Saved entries

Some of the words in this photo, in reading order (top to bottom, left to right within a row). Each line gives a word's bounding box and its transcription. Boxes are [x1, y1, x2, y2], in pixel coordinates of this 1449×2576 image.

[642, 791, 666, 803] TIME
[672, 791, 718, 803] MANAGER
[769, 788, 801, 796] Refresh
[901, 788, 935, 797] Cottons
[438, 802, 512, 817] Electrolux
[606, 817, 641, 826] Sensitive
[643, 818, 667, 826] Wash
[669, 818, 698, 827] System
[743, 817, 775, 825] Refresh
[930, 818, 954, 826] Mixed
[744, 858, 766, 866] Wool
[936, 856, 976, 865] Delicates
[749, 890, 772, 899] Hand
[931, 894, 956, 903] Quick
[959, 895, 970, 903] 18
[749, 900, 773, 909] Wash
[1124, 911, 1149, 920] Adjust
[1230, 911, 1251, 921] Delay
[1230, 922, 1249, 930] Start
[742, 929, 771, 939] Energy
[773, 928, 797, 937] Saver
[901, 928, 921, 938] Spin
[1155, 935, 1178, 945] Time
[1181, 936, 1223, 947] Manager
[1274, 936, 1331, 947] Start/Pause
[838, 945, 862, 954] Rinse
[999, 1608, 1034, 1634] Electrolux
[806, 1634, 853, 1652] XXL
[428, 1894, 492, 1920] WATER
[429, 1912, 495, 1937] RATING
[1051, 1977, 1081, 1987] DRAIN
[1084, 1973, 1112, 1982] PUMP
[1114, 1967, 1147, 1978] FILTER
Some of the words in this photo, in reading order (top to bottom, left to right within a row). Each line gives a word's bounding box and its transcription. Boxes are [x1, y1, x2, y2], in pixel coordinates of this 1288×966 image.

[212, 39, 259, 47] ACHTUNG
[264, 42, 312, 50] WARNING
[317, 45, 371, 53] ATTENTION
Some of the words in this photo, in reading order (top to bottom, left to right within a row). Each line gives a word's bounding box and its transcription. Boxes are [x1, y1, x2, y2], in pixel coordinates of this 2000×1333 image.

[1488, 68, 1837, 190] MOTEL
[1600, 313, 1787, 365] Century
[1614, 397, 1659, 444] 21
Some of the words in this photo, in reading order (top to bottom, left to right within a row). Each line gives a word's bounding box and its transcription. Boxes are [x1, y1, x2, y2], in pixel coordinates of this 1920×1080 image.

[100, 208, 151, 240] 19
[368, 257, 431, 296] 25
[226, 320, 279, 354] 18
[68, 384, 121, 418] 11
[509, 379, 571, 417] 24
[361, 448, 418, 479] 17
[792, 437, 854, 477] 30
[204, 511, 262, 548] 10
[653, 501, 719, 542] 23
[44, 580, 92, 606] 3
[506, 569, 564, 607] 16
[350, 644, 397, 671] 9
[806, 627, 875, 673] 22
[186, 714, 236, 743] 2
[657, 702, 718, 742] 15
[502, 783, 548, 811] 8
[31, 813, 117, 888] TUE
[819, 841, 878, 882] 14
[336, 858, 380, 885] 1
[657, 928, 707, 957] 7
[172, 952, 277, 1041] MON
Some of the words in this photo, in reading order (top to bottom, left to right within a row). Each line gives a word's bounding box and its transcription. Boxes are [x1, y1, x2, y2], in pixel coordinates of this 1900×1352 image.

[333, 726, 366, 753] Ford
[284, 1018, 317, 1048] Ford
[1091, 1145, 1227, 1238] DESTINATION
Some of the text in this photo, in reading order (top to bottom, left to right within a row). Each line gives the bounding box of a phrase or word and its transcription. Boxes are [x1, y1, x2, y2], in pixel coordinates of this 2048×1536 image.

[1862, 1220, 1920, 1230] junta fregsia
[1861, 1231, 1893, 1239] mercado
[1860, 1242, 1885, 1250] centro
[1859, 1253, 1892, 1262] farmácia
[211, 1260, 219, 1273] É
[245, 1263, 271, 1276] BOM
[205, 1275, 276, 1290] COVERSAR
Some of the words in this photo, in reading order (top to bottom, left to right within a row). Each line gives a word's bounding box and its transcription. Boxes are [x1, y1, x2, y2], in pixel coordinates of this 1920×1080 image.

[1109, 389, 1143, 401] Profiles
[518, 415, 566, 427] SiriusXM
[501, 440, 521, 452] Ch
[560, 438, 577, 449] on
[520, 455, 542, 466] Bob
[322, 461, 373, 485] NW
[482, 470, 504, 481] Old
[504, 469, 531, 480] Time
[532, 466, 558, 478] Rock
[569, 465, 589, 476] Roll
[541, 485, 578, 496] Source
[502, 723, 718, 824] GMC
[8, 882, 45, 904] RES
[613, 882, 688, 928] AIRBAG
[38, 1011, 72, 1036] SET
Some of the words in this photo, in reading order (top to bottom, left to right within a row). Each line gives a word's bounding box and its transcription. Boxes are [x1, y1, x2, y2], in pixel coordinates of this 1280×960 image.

Exercise prompt » Down to the last line, return the data above exactly.

Task answer »
Some of the words in this photo, in reading order (top to bottom, left to right within a row). Each line gives a word's bounding box and its transcription. Boxes are [x1, y1, x2, y2], in pixel coordinates of this 1449×2576 image.

[642, 791, 666, 803] TIME
[672, 791, 718, 803] MANAGER
[769, 788, 801, 796] Refresh
[901, 788, 935, 797] Cottons
[438, 802, 512, 817] Electrolux
[606, 817, 641, 826] Sensitive
[643, 818, 667, 826] Wash
[669, 818, 698, 827] System
[743, 817, 775, 825] Refresh
[930, 818, 954, 826] Mixed
[744, 858, 766, 866] Wool
[936, 856, 976, 865] Delicates
[749, 890, 772, 899] Hand
[931, 894, 956, 903] Quick
[959, 895, 970, 903] 18
[749, 900, 773, 909] Wash
[1124, 911, 1149, 920] Adjust
[1230, 911, 1251, 921] Delay
[1230, 922, 1249, 930] Start
[742, 929, 771, 939] Energy
[773, 928, 797, 937] Saver
[901, 928, 921, 938] Spin
[1155, 935, 1178, 945] Time
[1181, 936, 1223, 947] Manager
[1274, 936, 1331, 947] Start/Pause
[838, 945, 862, 954] Rinse
[999, 1608, 1034, 1634] Electrolux
[806, 1634, 853, 1652] XXL
[428, 1894, 492, 1920] WATER
[429, 1912, 495, 1937] RATING
[1051, 1977, 1081, 1987] DRAIN
[1084, 1973, 1112, 1982] PUMP
[1114, 1967, 1147, 1978] FILTER
Some of the words in this photo, in reading order (top to bottom, left to right within a row). Each line gives a word's bounding box and its transcription. Boxes are [x1, y1, x2, y2], in pixel coordinates of this 1288×966 image.

[212, 39, 259, 47] ACHTUNG
[264, 42, 312, 50] WARNING
[317, 45, 371, 53] ATTENTION
Some of the words in this photo, in reading order (top to bottom, left to right within a row). Each line gives a word's bounding box and its transcription. Boxes are [x1, y1, x2, y2], in pixel coordinates of this 2000×1333 image.

[1488, 68, 1837, 190] MOTEL
[1600, 313, 1787, 365] Century
[1614, 397, 1659, 444] 21
Some of the words in this photo, in reading order (top to bottom, left to right within a row). Each line gives a word's bounding box and its transcription. Boxes are [x1, y1, x2, y2], in pixel coordinates of this 1920×1080 image.

[100, 208, 151, 240] 19
[368, 257, 431, 296] 25
[226, 320, 279, 354] 18
[68, 384, 121, 418] 11
[509, 379, 571, 417] 24
[361, 448, 418, 479] 17
[792, 437, 854, 477] 30
[204, 511, 262, 548] 10
[653, 501, 719, 542] 23
[44, 580, 92, 606] 3
[506, 569, 564, 607] 16
[350, 644, 397, 671] 9
[806, 627, 875, 673] 22
[186, 714, 236, 743] 2
[657, 702, 718, 742] 15
[502, 783, 548, 811] 8
[31, 813, 117, 888] TUE
[819, 841, 878, 882] 14
[336, 858, 380, 885] 1
[657, 928, 707, 957] 7
[172, 952, 277, 1041] MON
Some of the words in this photo, in reading order (top to bottom, left to right within a row). Each line gives a word's bounding box and its transcription. Boxes are [x1, y1, x2, y2], in pixel coordinates of this 1900×1352 image.

[333, 726, 366, 753] Ford
[284, 1018, 317, 1048] Ford
[1091, 1145, 1227, 1238] DESTINATION
Some of the text in this photo, in reading order (top to bottom, left to right within a row). Each line gives the bounding box of a phrase or word and its transcription. Boxes are [x1, y1, x2, y2], in pixel coordinates of this 2048×1536 image.

[1862, 1220, 1920, 1230] junta fregsia
[1861, 1231, 1893, 1239] mercado
[1860, 1242, 1885, 1250] centro
[1859, 1253, 1892, 1262] farmácia
[211, 1260, 219, 1273] É
[245, 1263, 271, 1276] BOM
[205, 1275, 276, 1290] COVERSAR
Some of the words in this photo, in reading order (top to bottom, left to right within a row). Each line gives a word's bounding box and its transcription. Boxes are [x1, y1, x2, y2], in pixel coordinates of this 1920×1080 image.

[1109, 389, 1143, 401] Profiles
[518, 415, 566, 427] SiriusXM
[501, 440, 521, 452] Ch
[560, 438, 577, 449] on
[520, 455, 542, 466] Bob
[322, 461, 373, 485] NW
[482, 470, 504, 481] Old
[504, 469, 531, 480] Time
[532, 466, 558, 478] Rock
[569, 465, 589, 476] Roll
[541, 485, 578, 496] Source
[502, 723, 718, 824] GMC
[8, 882, 45, 904] RES
[613, 882, 688, 928] AIRBAG
[38, 1011, 72, 1036] SET
Some of the words in this photo, in reading order (top to bottom, left to right within a row). Each line gives a word's bounding box and its transcription. Boxes are [x1, y1, x2, y2], in pixel coordinates of this 1280×960 image.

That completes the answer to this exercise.